The Hole is a small neighborhood in New York City on the border between Brooklyn and Queens. It is a low-lying area, with a ground level that is  lower than the surrounding area. The area is run-down, and suffers from frequent flooding. It has been described as a "lost neighborhood," and as resembling a border town from the Wild West. It is generally bordered by Eldert Lane, 78th (Sapphire) Street, South Conduit Avenue, and Linden Boulevard. Nearby neighborhoods include East New York, Lindenwood, and Ozone Park. 

The Hole is home to the New York City Federation of Black Cowboys. 

In the 1960s, the level of some streets within The Hole were raised and the streets paved, facilitating passage between South Conduit Avenue and Linden Boulevard. This required homes adjacent to the raised streets to build retaining walls with the first level of their houses now below grade.  In 2004, the Department of Environmental Protection (DEP) made plans to connect the neighborhood to the city's sewer system to combat the flooding by raising the land.  
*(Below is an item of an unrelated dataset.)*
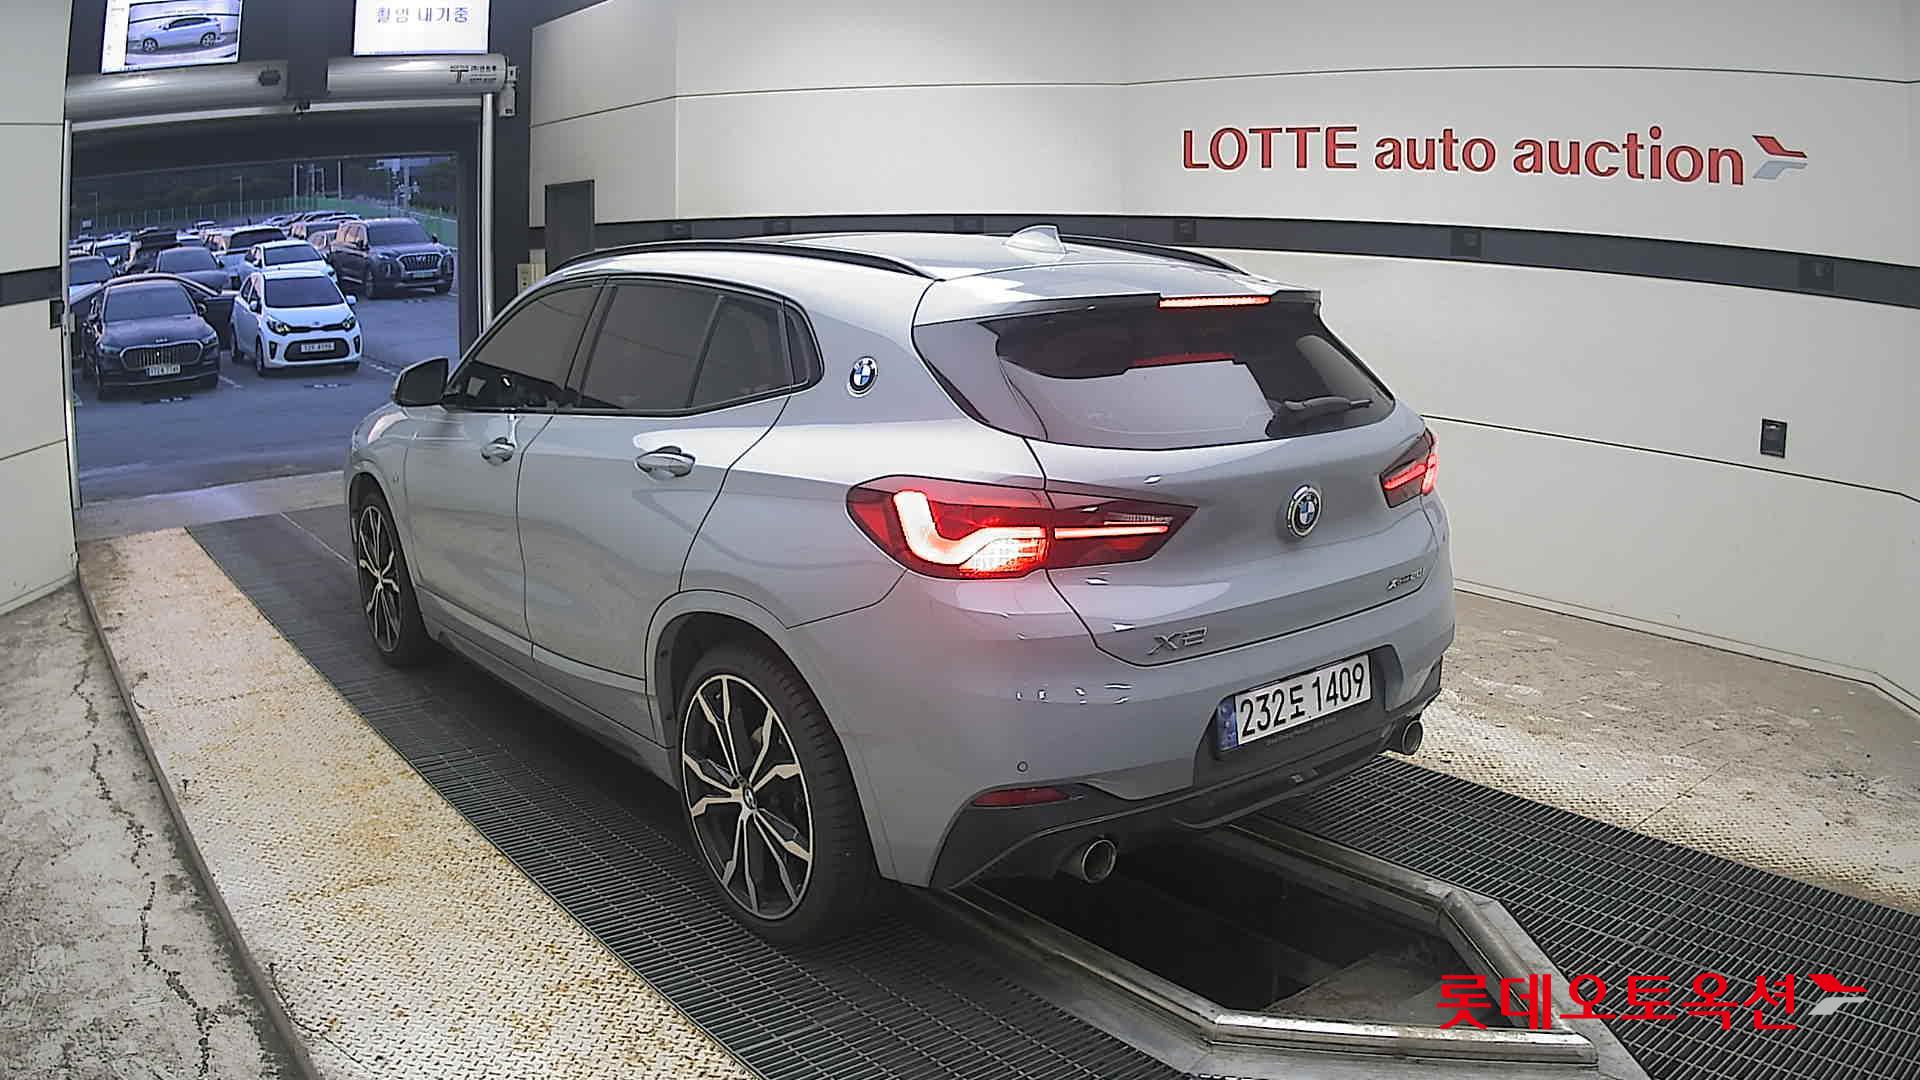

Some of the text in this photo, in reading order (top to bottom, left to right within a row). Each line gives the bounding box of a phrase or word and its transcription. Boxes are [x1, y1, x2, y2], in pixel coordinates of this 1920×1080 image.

[1183, 126, 1744, 186] LOTTE auto auction
[1147, 626, 1207, 655] X2
[1312, 663, 1364, 712] 1409
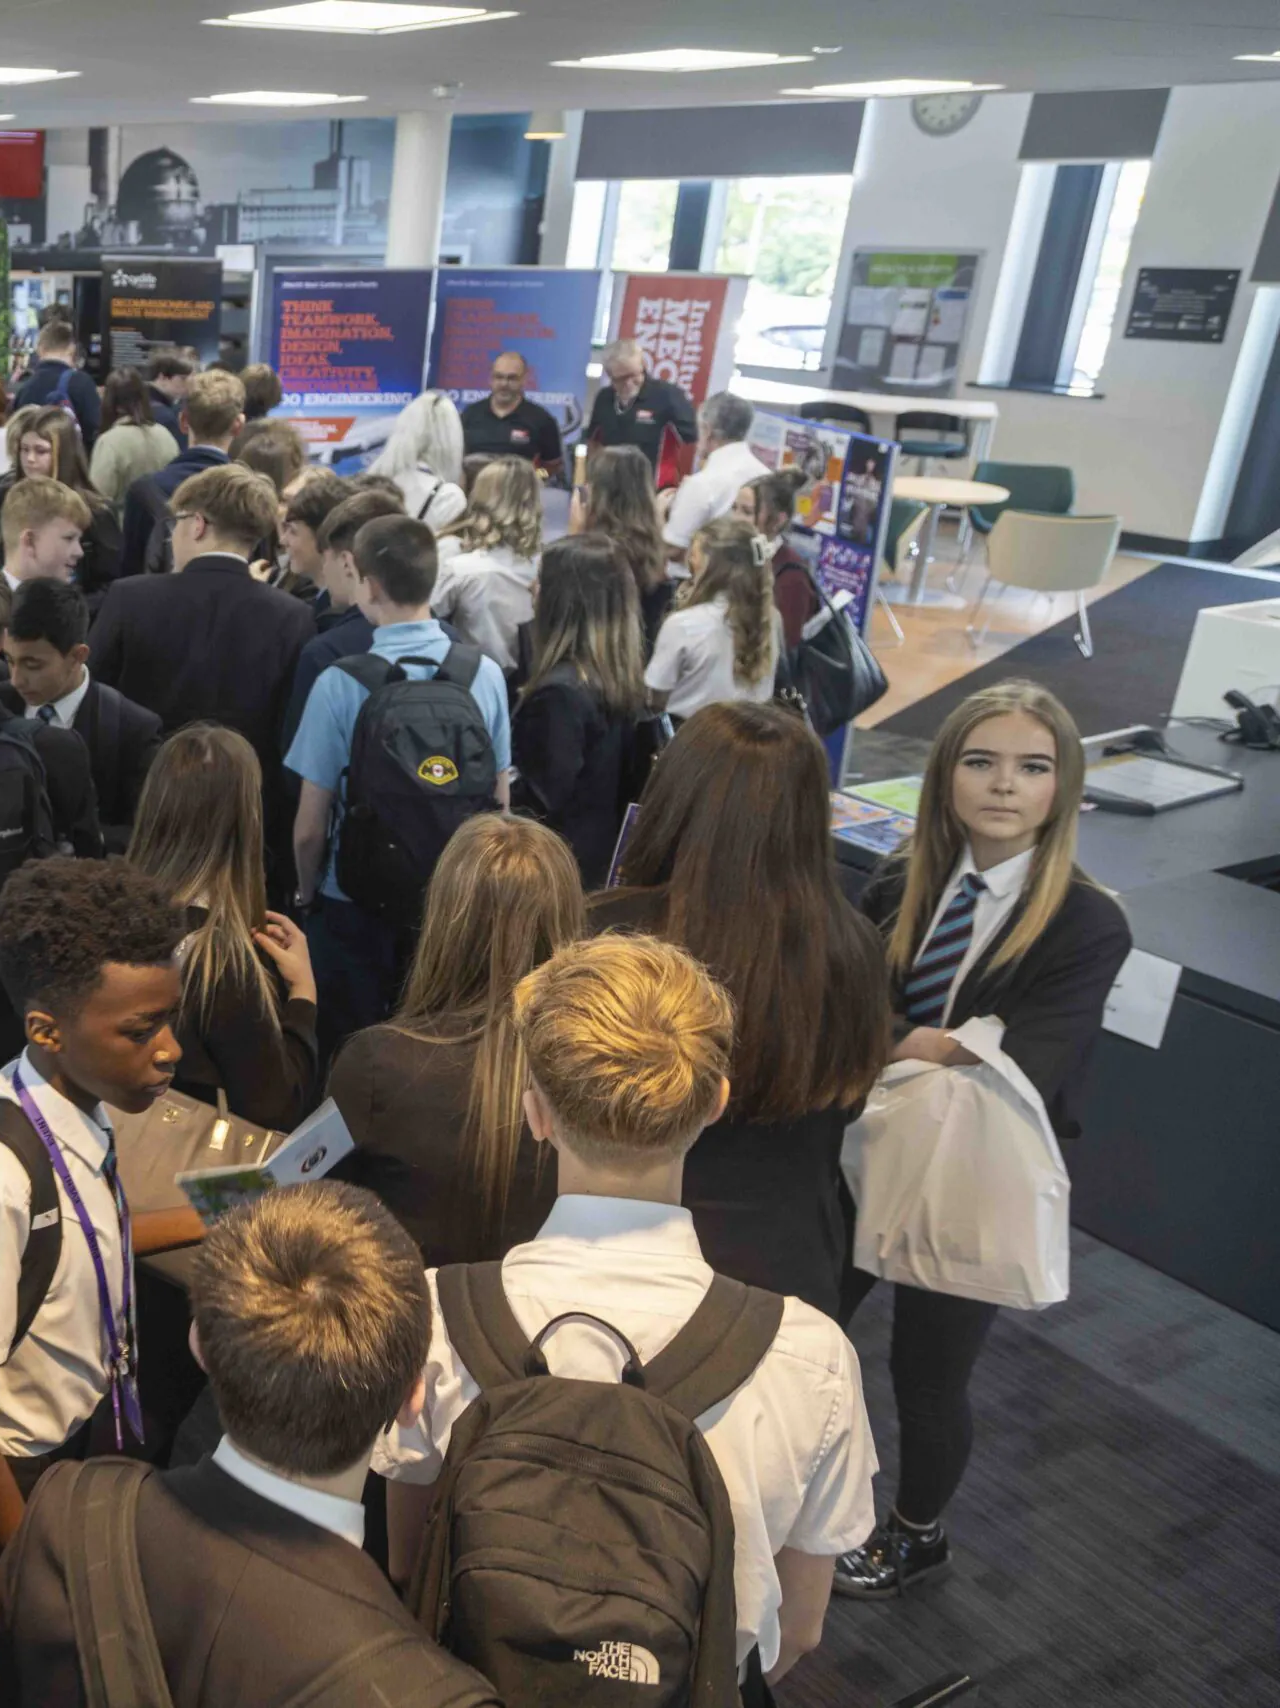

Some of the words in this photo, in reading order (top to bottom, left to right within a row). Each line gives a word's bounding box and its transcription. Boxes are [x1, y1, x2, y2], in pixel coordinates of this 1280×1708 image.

In 2010, filmmakers Courtney Fathom Sell and Billy Feldman made a short documentary about the neighborhood. The film includes interviews with some of the residents as well as members of the Federation of Black Cowboys. The film premiered at Rooftop Films in 2011 and has since been archived at the Brooklyn Historical Society & Anthology Film Archives.
Another film, focused on the residents living in the Hole, was made in 2016.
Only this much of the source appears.